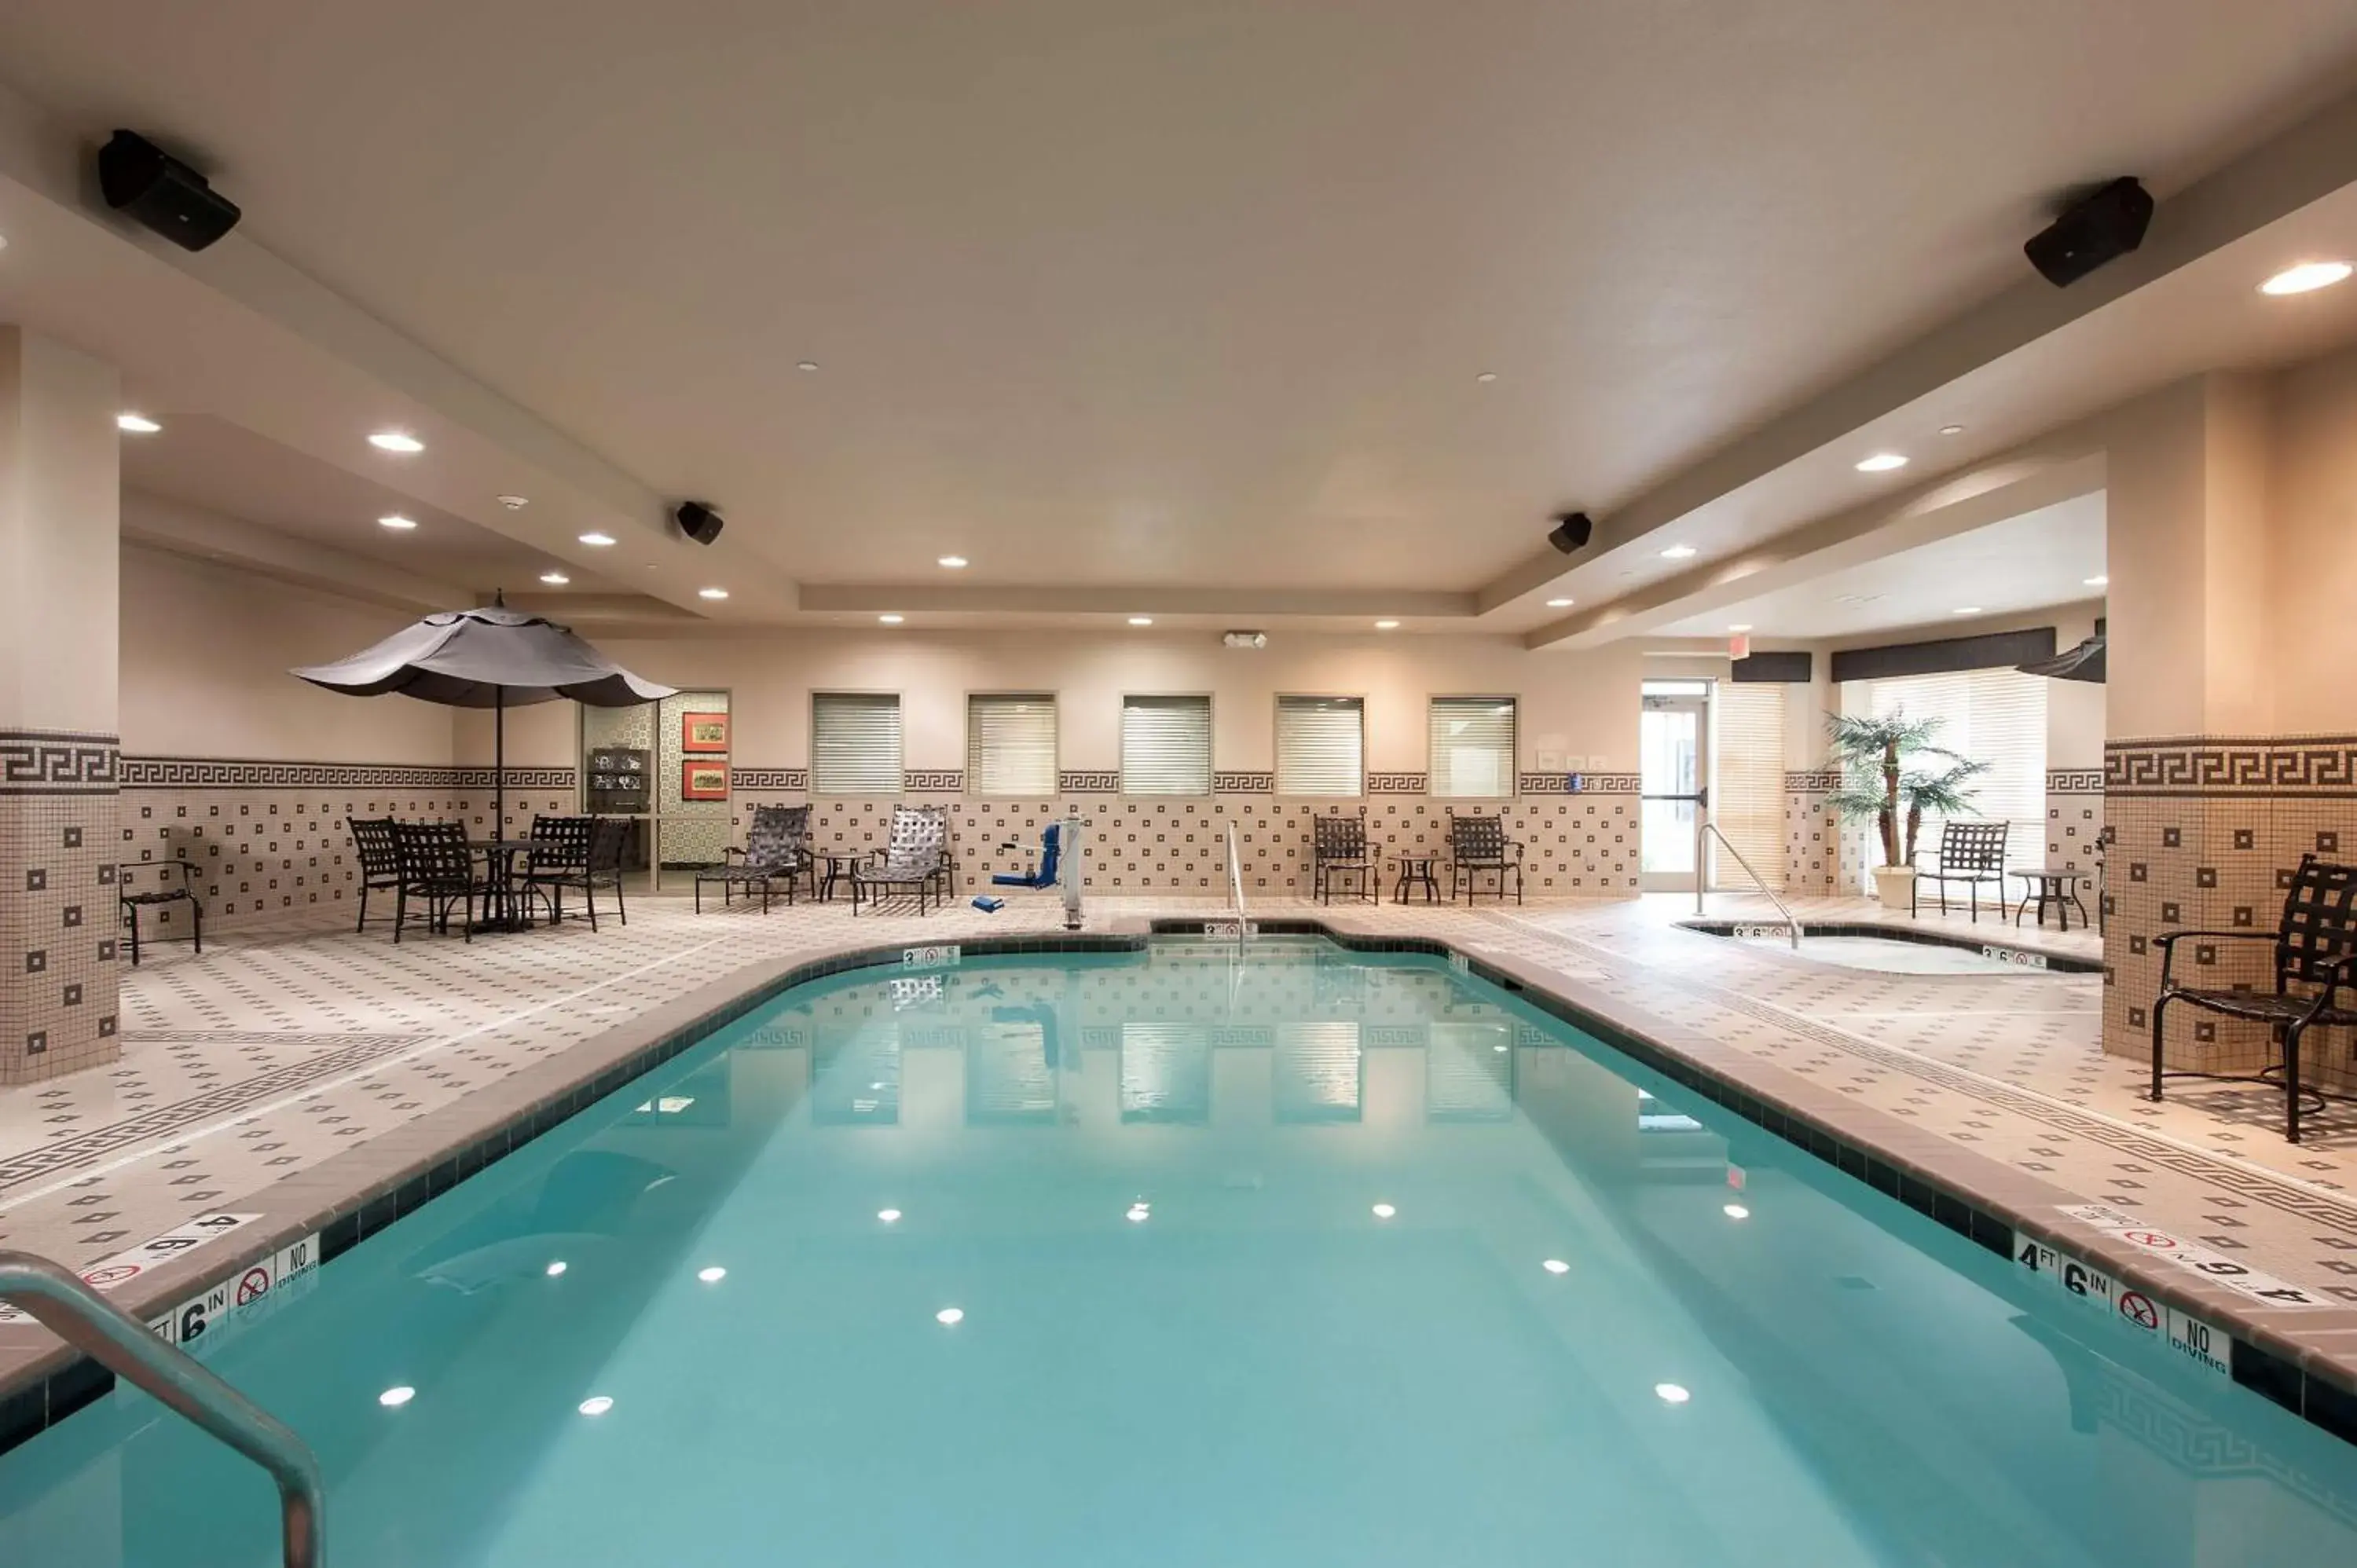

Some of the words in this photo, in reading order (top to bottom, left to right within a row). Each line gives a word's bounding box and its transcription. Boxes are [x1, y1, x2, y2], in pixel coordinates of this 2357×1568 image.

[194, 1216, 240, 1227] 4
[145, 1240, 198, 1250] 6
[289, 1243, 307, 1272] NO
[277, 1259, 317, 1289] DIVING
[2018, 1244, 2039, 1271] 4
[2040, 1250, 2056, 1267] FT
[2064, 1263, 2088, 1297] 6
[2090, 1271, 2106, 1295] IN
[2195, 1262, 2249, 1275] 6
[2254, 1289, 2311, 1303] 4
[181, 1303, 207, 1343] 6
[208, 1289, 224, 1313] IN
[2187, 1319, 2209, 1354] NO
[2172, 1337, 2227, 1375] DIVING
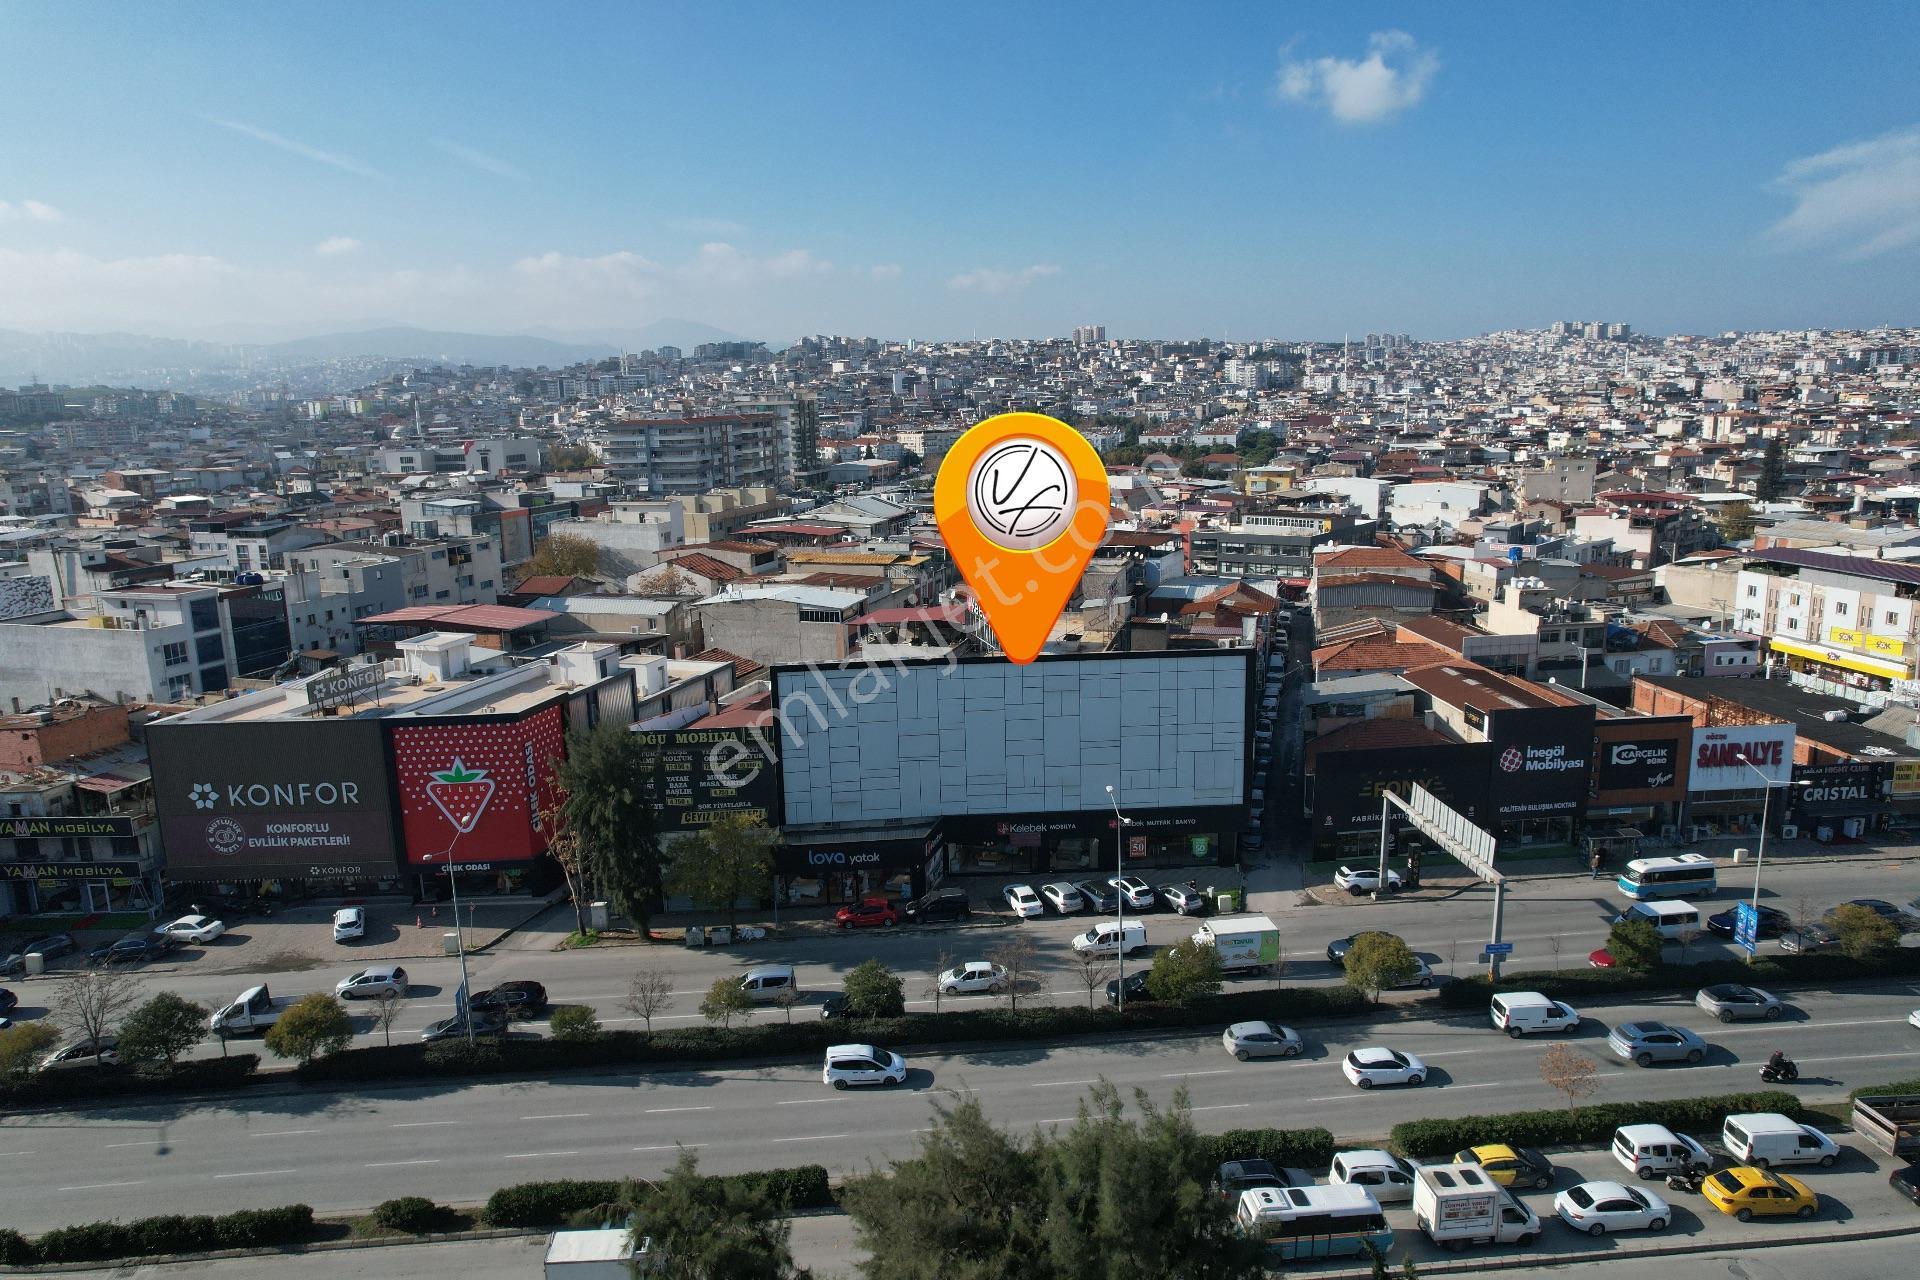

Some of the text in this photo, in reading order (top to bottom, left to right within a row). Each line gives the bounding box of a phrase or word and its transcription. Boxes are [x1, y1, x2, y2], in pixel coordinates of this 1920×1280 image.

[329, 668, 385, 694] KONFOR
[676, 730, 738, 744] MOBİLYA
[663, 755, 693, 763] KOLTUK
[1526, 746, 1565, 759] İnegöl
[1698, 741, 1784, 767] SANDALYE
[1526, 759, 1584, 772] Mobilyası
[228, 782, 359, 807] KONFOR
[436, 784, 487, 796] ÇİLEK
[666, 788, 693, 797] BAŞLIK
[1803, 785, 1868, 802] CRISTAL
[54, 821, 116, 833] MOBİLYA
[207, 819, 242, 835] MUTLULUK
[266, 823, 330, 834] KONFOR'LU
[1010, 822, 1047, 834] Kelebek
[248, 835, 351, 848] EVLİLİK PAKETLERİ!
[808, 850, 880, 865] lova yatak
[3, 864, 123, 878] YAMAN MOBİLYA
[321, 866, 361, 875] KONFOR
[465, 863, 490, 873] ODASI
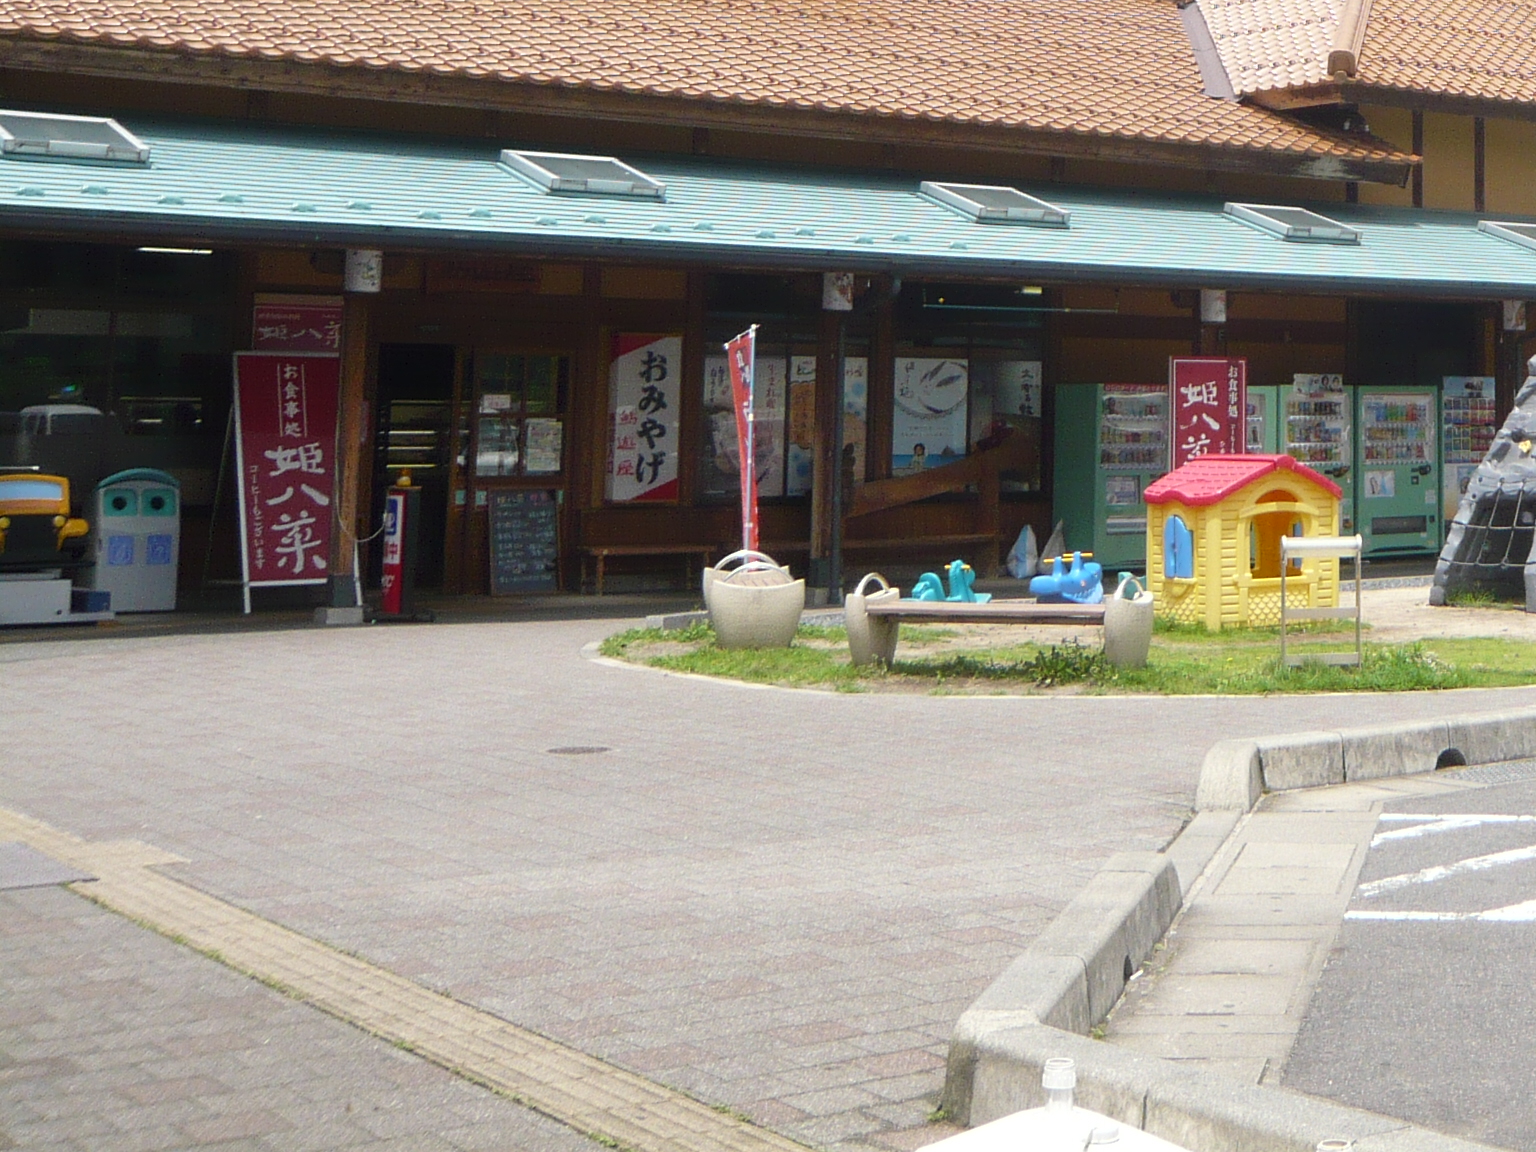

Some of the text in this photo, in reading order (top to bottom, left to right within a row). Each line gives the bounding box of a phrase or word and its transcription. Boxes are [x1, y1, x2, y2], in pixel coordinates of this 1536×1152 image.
◇ ◇ ◇ ◇ ◇
Exercise goal » Transcribe the records verbatim and omit the images.

Your solution »
Some of the words in this photo, in reading order (top to bottom, left to right within a row). Each line gives a word's bounding box and its transcription. Boxes are [x1, y1, x2, y2], in pixel coordinates of this 2357×1568 image.

[194, 1216, 240, 1227] 4
[145, 1240, 198, 1250] 6
[289, 1243, 307, 1272] NO
[277, 1259, 317, 1289] DIVING
[2018, 1244, 2039, 1271] 4
[2040, 1250, 2056, 1267] FT
[2064, 1263, 2088, 1297] 6
[2090, 1271, 2106, 1295] IN
[2195, 1262, 2249, 1275] 6
[2254, 1289, 2311, 1303] 4
[181, 1303, 207, 1343] 6
[208, 1289, 224, 1313] IN
[2187, 1319, 2209, 1354] NO
[2172, 1337, 2227, 1375] DIVING

Some of the text in this photo, in reading order (top to bottom, left to right within a row). Each line gives the bounding box of a phrase or word and its transcription. Boxes are [x1, y1, x2, y2], in pixel coordinates of this 1920×1280 image.

[329, 668, 385, 694] KONFOR
[676, 730, 738, 744] MOBİLYA
[663, 755, 693, 763] KOLTUK
[1526, 746, 1565, 759] İnegöl
[1698, 741, 1784, 767] SANDALYE
[1526, 759, 1584, 772] Mobilyası
[228, 782, 359, 807] KONFOR
[436, 784, 487, 796] ÇİLEK
[666, 788, 693, 797] BAŞLIK
[1803, 785, 1868, 802] CRISTAL
[54, 821, 116, 833] MOBİLYA
[207, 819, 242, 835] MUTLULUK
[266, 823, 330, 834] KONFOR'LU
[1010, 822, 1047, 834] Kelebek
[248, 835, 351, 848] EVLİLİK PAKETLERİ!
[808, 850, 880, 865] lova yatak
[3, 864, 123, 878] YAMAN MOBİLYA
[321, 866, 361, 875] KONFOR
[465, 863, 490, 873] ODASI

Some of the text in this photo, in reading order (top to bottom, left to right within a row). Each line gives the bounding box of a phrase or word and its transcription. Boxes are [x1, y1, x2, y2], in pixel coordinates of this 1536×1152 image.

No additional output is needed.